Héritière des académies royales de peinture et de sculpture, d’architecture et de musique, l’Académie des Beaux-Arts s’est aujourd’hui élargie à d’autres secteurs, s’adaptant aux nouvelles formes de création contemporaine. Ainsi, actuellement, ses 59 membres sont répartis en 8 sections artistiques: peinture, sculpture, architecture, gravure, composition musicale, mais aussi membres libres, cinéma et audiovisuel et photographie. A cela il faut ajouter les 16 fauteuils dédiés à des associés étrangers, où figurent des artistes et personnalités étrangères qui contribuent par leur action à promouvoir la création artistique dans le monde (parmi lesquelles Jiří Kylián). Toutefois, jusqu’à présent, la danse n’est représentée dans aucune de ces sections artistiques.
Un chorégraphe attaché à la liberté
L’élection de Jiří Kylián toutefois semble ouvrir la porte au changement. Ce chorégraphe tchèque, formé au Conservatoire de Prague puis en 1967 à la Royal Ballet School de Londres, est une figure marquante du milieu de la danse. D’abord danseur au sein du ballet de Stuttgart, il devient en 1975 co-directeur artistique du Nederlands Dans Theater à La Haye, avant d’être, en 1978, après le succès de son ballet Sinfonetta, nommé directeur artistique du NTD.
Jiří Kylián est très attaché à la liberté : la sienne, d’exprimer ses “fantaisies”, comme il l’explique dans une interview à Télérama, mais aussi celle des danseurs, qui doivent s’approprier et réinvestir chaque mouvement. Ses chorégraphies sont à la fois marquées par ses études plus “académiques”, et par son séjour après des Aborigènes d’Australie. Auprès d’eux, il s’est émerveillé de voir que la danse faisait partie intégrante de la vie et de la société, que ces hommes ne pouvaient vivre sans danser.
L’élection de Jiří Kylián au sein de l’Académie des Beaux-Arts a un précédent : Maurice Béjart a siégé au sein des membres libres, une catégorie un peu hétéroclite (à l’heure actuelle on y trouve un couturier, des mécènes, un directeur de théâtre ou encore un conservateur du patrimoine) de 1994 à 2007.
Une nouvelle section dédiée à l’art chorégraphique
Toutefois, ici, le changement est plus important: il ne s’agit pas seulement d’élire un chorégraphe au sein de l’Académie, mais de créer une nouvelle section, dédiée à l’art chorégraphique et qui pourrait accueillir 4 membres (la réforme des statuts a été adoptée le 25 avril et devrait être soumise prochainement au Conseil d’Etat).
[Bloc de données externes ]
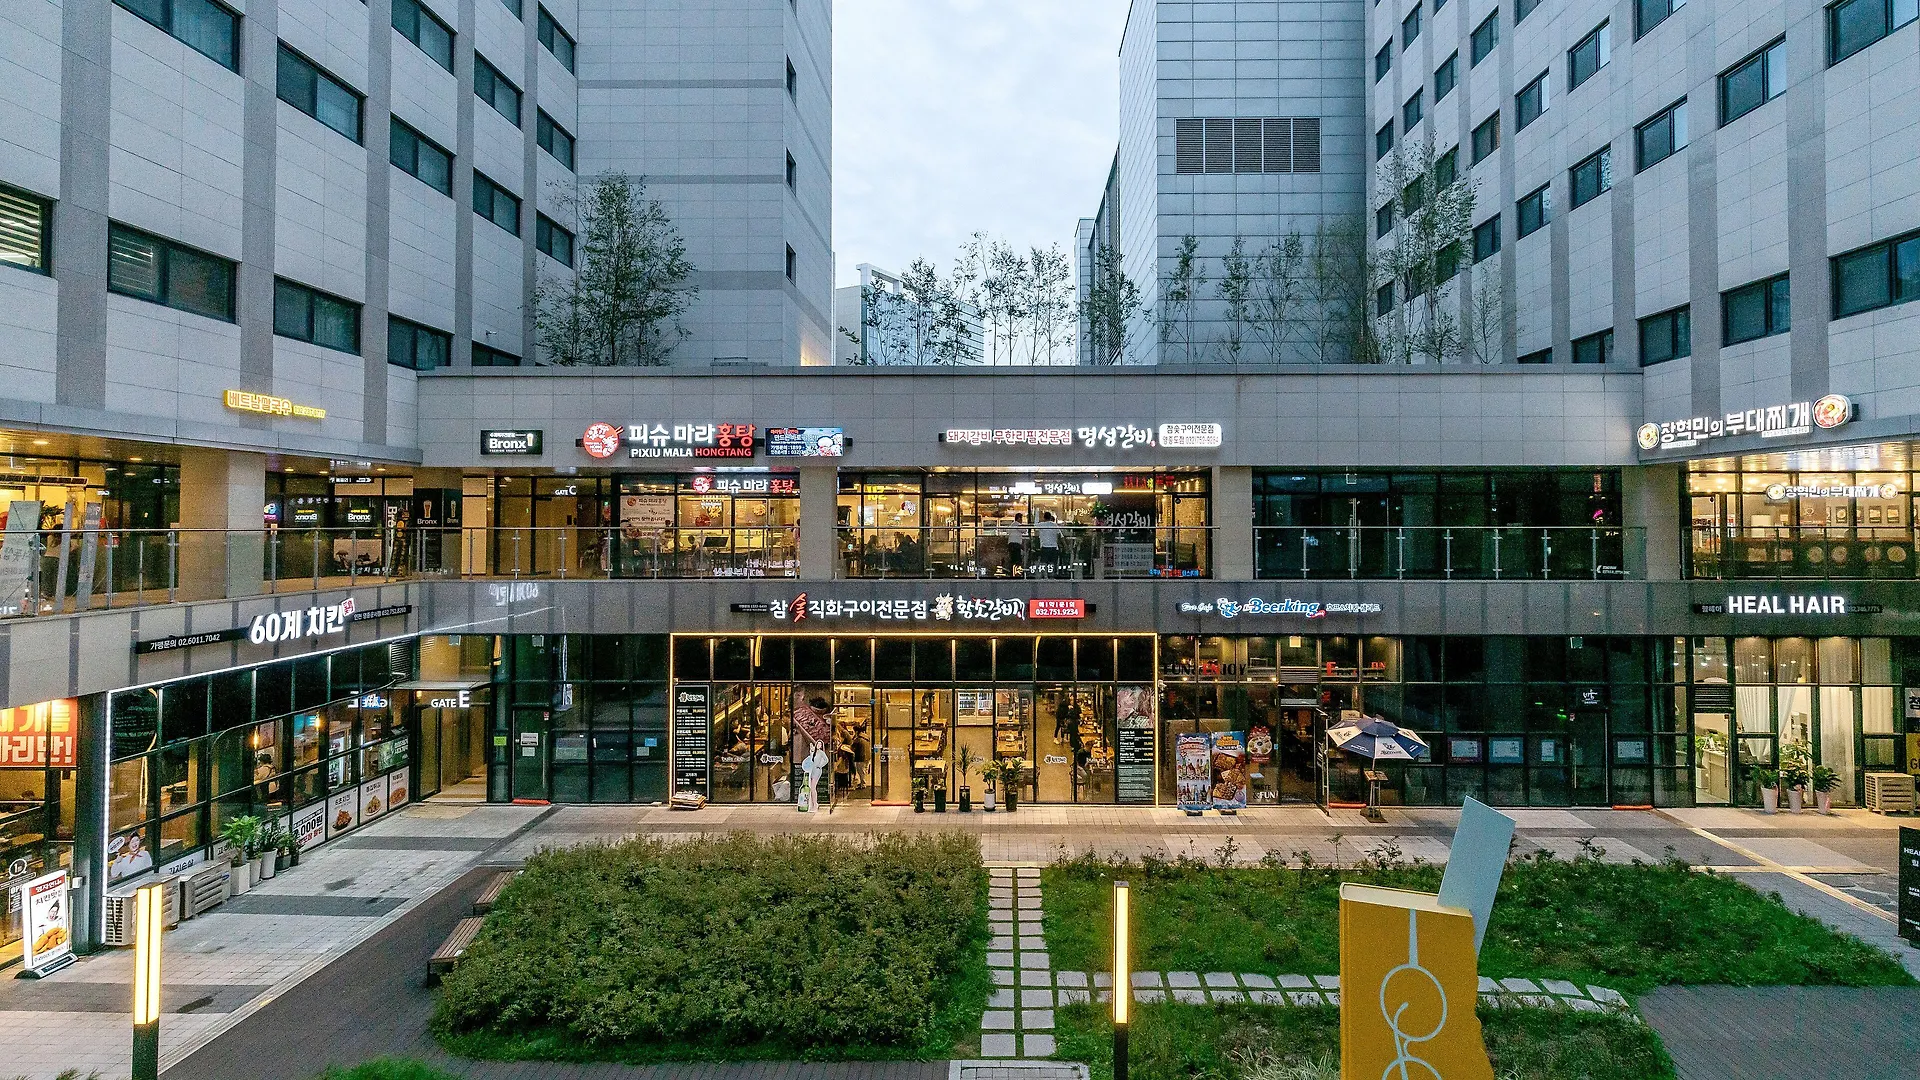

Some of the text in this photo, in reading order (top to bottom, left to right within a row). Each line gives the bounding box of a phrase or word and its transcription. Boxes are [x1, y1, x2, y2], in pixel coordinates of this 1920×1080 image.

[229, 391, 292, 415] 베트남쌀국수
[1725, 401, 1811, 435] 부대찌개
[490, 438, 527, 449] Bronx
[947, 430, 1072, 445] 돼지갈비 무한리필전문점
[1077, 424, 1153, 449] 명성갈비
[631, 448, 752, 458] PIXIU MALA HONGTANG
[569, 485, 577, 495] C
[348, 513, 371, 521] Bronx
[1035, 609, 1079, 617] 032.751.9234
[1250, 598, 1319, 617] Beerking
[1728, 596, 1846, 613] HEAL HAIR
[250, 609, 302, 645] 60계
[306, 604, 345, 637] 치킨
[150, 633, 220, 651] 가맹문의 02.6011.7042
[431, 690, 470, 708] GATE E
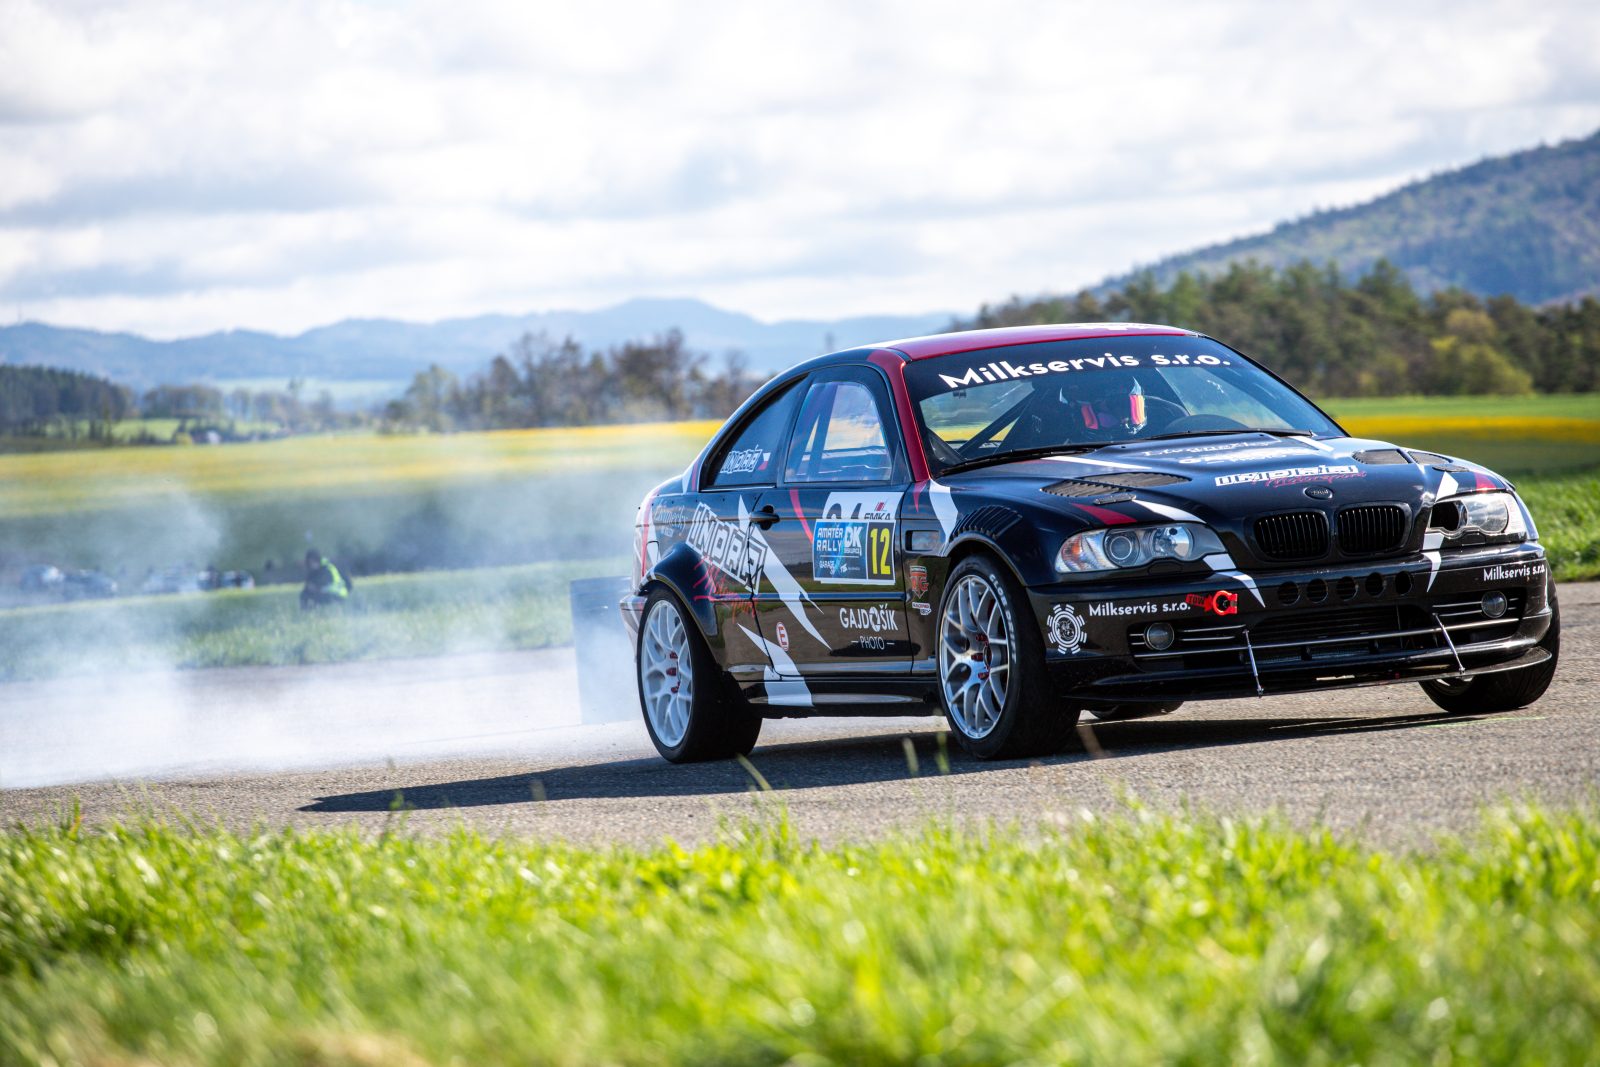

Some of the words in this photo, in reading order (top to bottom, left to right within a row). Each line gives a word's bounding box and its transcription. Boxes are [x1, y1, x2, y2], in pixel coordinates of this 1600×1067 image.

[939, 352, 1139, 388] Milkservis
[1150, 353, 1231, 366] s.r.o.
[817, 524, 843, 538] AMATÉR
[816, 540, 843, 552] RALLY
[870, 528, 891, 575] 12
[1483, 565, 1530, 582] Milkservis
[1089, 601, 1158, 617] Milkservis
[1162, 602, 1191, 612] s.r.o.
[839, 603, 899, 632] GAJDOŠÍK
[859, 635, 885, 650] PHOTO
La danse semble donc bien enfin prendre sa place au milieu des Beaux-Arts.
Au vue des missions de l’Académie des Beaux-Arts, et pour une institution prônant l’idée de pluridisciplinarité, il était temps ! Et ce d’autant plus maintenant que les arts se décloisonnent de plus en plus, chorégraphes et danseurs étant notamment de plus en plus fréquemment invités pour réaliser des performances au sein de grands musées d’art contemporain, récemment François Chaignaud à la fondation Vuitton par exemple.
Cette décision est donc tout à la fois une question de cohérence et une reconnaissance symbolique, qui pourrait toutefois avoir des conséquences plus larges, notamment au vu du rôle consultatif que joue l’Académie des Beaux-Arts auprès des pouvoirs publics.